Interview: Umverteilung nach oben

Inhalt

  1. Seite 1 - Arbeitszeitverkürzung statt längere Arbeitszeiten
  2. Seite 2 - Arbeitszeit ist auch immer eine Verteilungsfrage
  3. Seite 3 - Österreich hat kein starres Arbeitszeitgesetz
  4. Seite 4 - Die Digitalisierung verändert nichts, sondern die Akteure
  5. Auf einer Seite lesen >
Soziologe Jörg Flecker über Arbeitszeitverkürzung als Verteilungskampf, das schwierige Wort Flexibilisierung und die Arbeitszeitwünsche der Menschen.

Aber ist es wirklich ein Verlust, wenn Menschen nicht mehr an der Kasse sitzen müssen?

Na ja, es ist ein großer Verlust, wenn die Person stattdessen arbeitslos ist und Arbeitslosigkeit in der Gesellschaft stigmatisiert ist, mit zu wenig Geld und mit zu viel Zeit einhergeht. Wenn man in der Zeit was Sinnvolles tun kann, genug Geld zur Verfügung hat und gesellschaftlich anerkannt ist, schaut es anders aus. Aber das ist nicht der Fall. Damit ist für die meisten ein entfremdeter Arbeitsplatz an der Kasse im Supermarkt besser als keiner. Das ist das Problem. Dieser Arbeitsplatz müsste ja auch nicht so ausschauen wie jetzt, er könnte menschenwürdiger sein.
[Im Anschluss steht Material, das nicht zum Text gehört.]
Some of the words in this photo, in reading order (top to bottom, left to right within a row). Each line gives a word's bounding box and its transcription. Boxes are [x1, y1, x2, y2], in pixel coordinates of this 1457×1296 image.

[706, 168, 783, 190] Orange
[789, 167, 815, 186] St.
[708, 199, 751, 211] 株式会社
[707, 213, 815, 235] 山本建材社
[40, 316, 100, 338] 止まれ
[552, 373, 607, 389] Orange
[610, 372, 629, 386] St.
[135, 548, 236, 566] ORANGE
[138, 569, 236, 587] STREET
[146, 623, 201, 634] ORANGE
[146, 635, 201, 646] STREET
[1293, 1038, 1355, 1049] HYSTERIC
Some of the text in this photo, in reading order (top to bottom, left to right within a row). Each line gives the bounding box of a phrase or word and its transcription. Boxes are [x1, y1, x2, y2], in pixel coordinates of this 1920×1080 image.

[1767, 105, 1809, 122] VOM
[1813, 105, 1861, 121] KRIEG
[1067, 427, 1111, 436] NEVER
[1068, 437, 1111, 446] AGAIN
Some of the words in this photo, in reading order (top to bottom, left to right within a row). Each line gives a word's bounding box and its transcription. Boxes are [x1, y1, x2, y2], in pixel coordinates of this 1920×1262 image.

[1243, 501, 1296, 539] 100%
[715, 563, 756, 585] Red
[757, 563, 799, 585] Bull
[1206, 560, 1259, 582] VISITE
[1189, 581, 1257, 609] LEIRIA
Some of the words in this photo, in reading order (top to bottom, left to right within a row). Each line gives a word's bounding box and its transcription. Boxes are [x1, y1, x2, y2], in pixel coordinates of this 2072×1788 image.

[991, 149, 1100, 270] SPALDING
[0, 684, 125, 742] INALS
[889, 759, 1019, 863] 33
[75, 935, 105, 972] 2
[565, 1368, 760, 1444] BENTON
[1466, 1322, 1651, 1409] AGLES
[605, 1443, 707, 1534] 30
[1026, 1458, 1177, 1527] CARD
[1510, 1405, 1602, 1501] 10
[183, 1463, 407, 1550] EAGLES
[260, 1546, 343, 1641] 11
Auch im Zusammenhang mit Industrie 4.0 und Digitalisierung heißt es dann: Der Mensch wird frei für kreative Tätigkeiten. Das hat es vor 50 Jahren auch schon geheißen. Aber das ist nicht Sinn und Zweck der Übung. Sinn und Zweck der Übung ist es, Kosten einzusparen, und nicht die Arbeit zu humanisieren. Das wäre eigentlich eine Forderung der Gewerkschaften.

Der Punkt ist immer, dass alle diese Themen – die Arbeitszeit, die Arbeitsgestaltung – umkämpft sind, seit es den Kapitalismus gibt. Und der Ausgang ist immer ein Ergebnis von gesellschaftlichen Auseinandersetzungen, von Kämpfen. Insofern ist die Frage, wie Digitalisierung die Arbeit verändert, falsch gestellt. Die Digitalisierung verändert einmal gar nichts, sondern da gibt es Akteure, die Entscheidungen über den Einsatz von Technik treffen, über ihre Gestaltung und Entwicklung. Das sind in Wirklichkeit hochpolitische Entscheidungen.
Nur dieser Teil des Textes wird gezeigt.